Guided by his conscience more than his bank account, Kareem Abdul-Jabbar is auctioning off four of his NBA Championship rings. The jewelry was for titles in 1980, 1985, 1987, and 1988.
Abdul-Jabbar isn’t broke, and doesn’t need an infusion of cash. The sale of this, and other memorabilia is motivated by philanthropy, not greed. The money from the proceeds of the auction will be used to fund his Skyhook Foundation. That charity seeks to help kids learn about science, technology, engineering and math.
“When it comes to choosing between storing a championship ring or trophy in a room, or providing kids with an opportunity to change their lives, the choice is pretty simple,” Abdul-Jabbar wrote on his blog. “Sell it all.
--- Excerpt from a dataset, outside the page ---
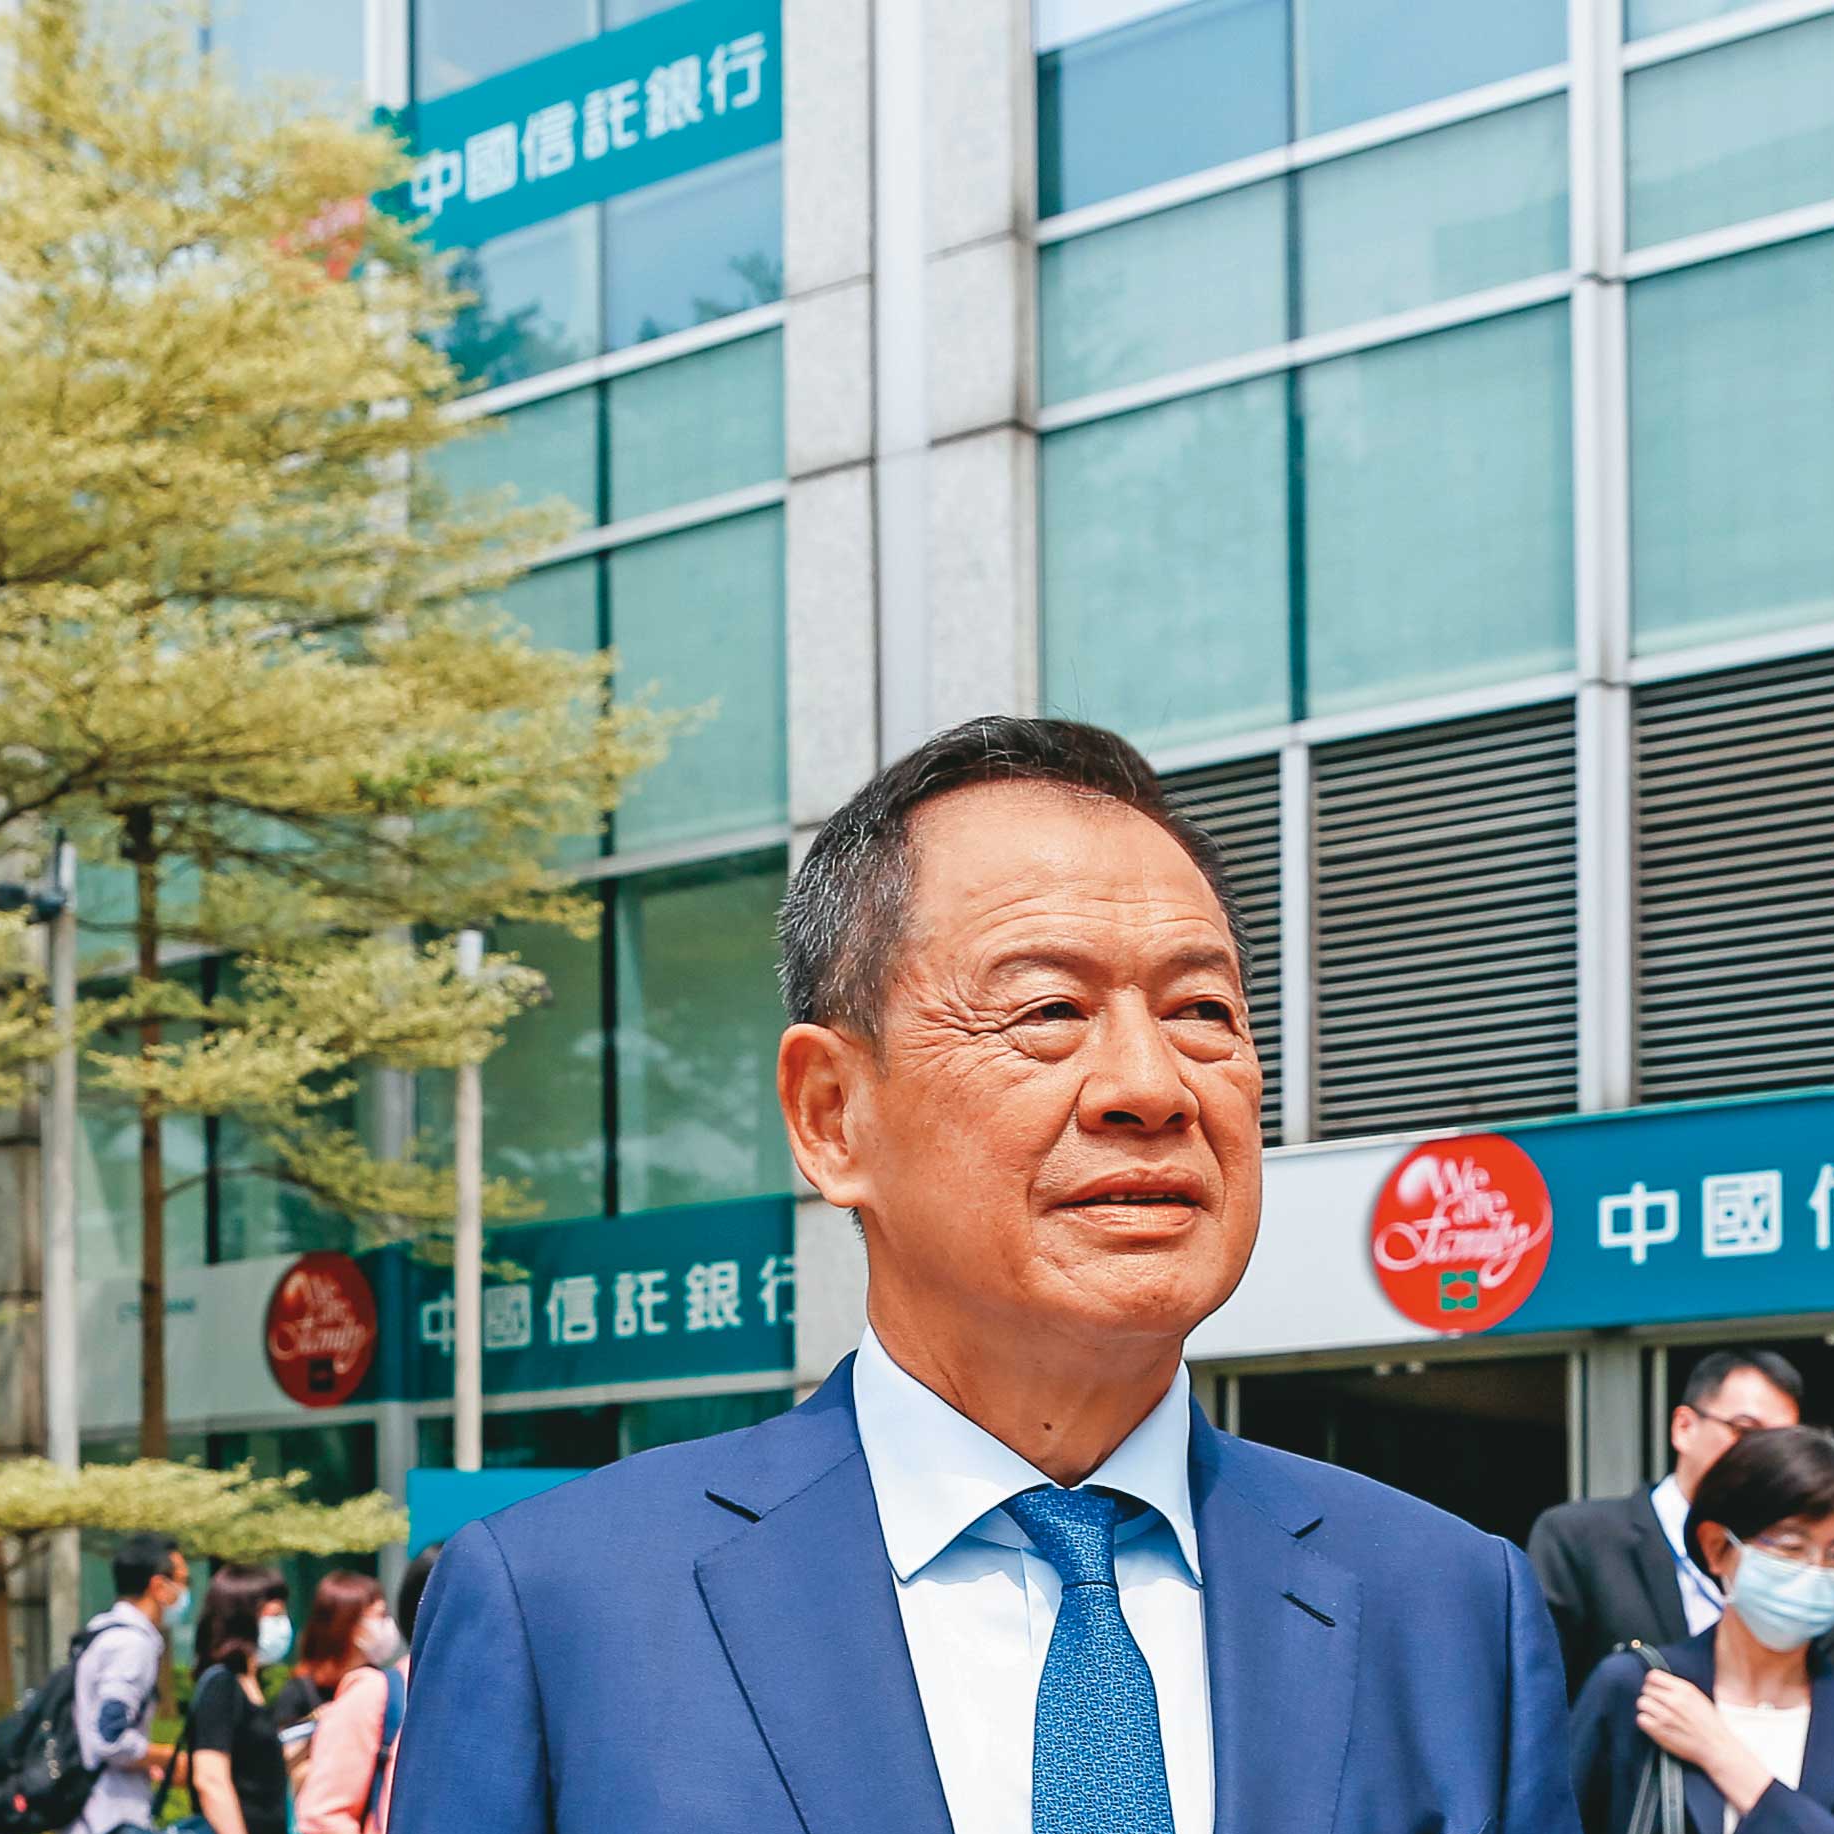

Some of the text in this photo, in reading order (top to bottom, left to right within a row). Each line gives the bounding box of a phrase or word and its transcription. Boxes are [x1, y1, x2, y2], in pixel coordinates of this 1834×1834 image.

[410, 31, 768, 217] 中國信託銀行
Looking back on what I have done with my life, instead of gazing at the sparkle of jewels or gold plating celebrating something I did a long time ago, I’d rather look into the delighted face of a child holding their first caterpillar and think about what I might be doing for their future. That’s a history that has no price.”
Bigger Purpose in Life
Even back in his college days at UCLA, Abdul-Jabbar, now 71, took the lessons of famed basketball coach John Wooden to heart. He remembered his first meeting with Coach Wooden in a 2018 television interview.
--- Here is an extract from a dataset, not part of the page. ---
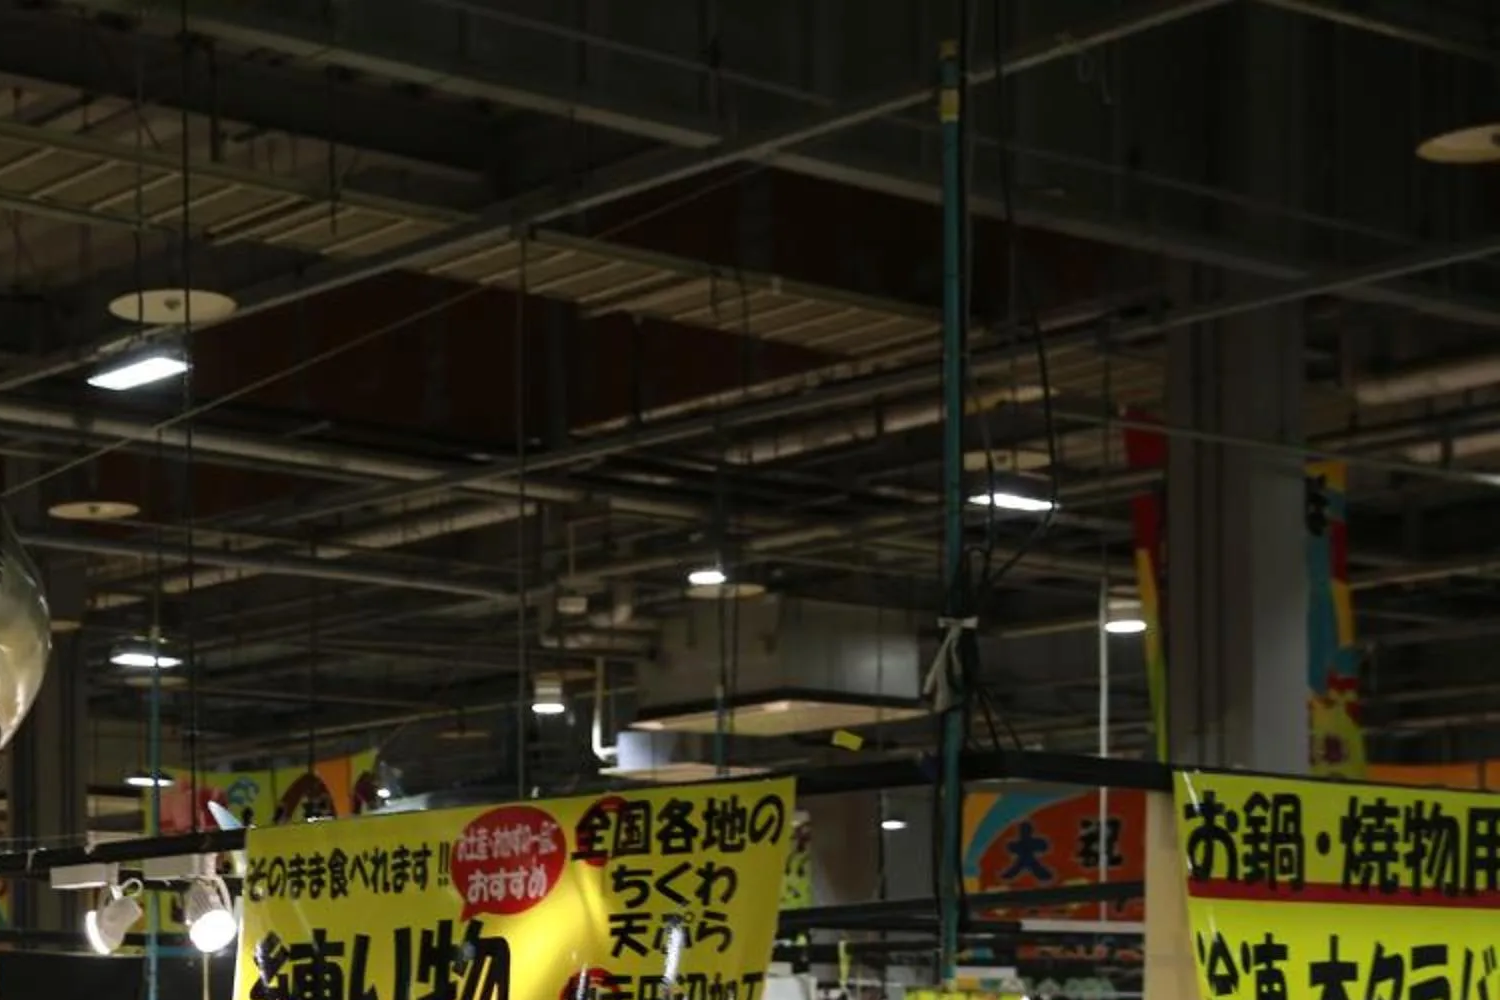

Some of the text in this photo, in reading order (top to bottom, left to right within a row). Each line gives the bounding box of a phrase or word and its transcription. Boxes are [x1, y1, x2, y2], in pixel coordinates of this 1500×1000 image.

“We started talking, and we immediately got off the subject of basketball. And he said, ‘You know, I noticed that you have good grades, and UCLA is an excellent school. I expect you to do well here.’ And, you know, I was kind of surprised,” Abdul-Jabbar said. “Most basketball coaches don’t care about that, and I understood immediately that we were simpatico that way. I was at UCLA to get an education, and we struck it off right away in terms of vision and appreciation of each other’s goals.”
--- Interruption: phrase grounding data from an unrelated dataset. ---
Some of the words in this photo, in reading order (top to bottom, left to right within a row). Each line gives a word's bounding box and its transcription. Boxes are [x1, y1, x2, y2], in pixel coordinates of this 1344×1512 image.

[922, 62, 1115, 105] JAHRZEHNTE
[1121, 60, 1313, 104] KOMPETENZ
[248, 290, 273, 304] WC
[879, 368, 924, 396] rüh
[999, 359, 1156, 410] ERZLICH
For Abdul-Jabbar social activism came naturally, and he has increased his charity work in recent years. In 2009 he founded his charity Skyhook Foundation. In 2012 then Secretary of State Hillary Clinton named him a global cultural ambassador. Four years later he spoke at the Democratic Convention, the same year President Barack Obama awarded him the Presidential Medal of Freedom.
Basketball Previous Life
It has been more than 30 years since Abdul-Jabbar retired, and eight years since he had any dealings with the game. The NBA’s all-time leading scorer is proud of that part of his life, but also realizes he has other pursuits he would like to undertake.
Selling his rings, as well as game-worn jerseys and signed basketballs to benefit his foundation, whose slogan is to “give kids a shot that can’t be blocked,” was an opportunity Abdul-Jabbar couldn’t pass up.
“My sports memorabilia also have a history. My history. My life,” Abdul-Jabbar said. “And, oddly, since my life is still happening and ever-evolving, I am less personally attached to those items than I am to my desire to create new history for myself — and futures for others.”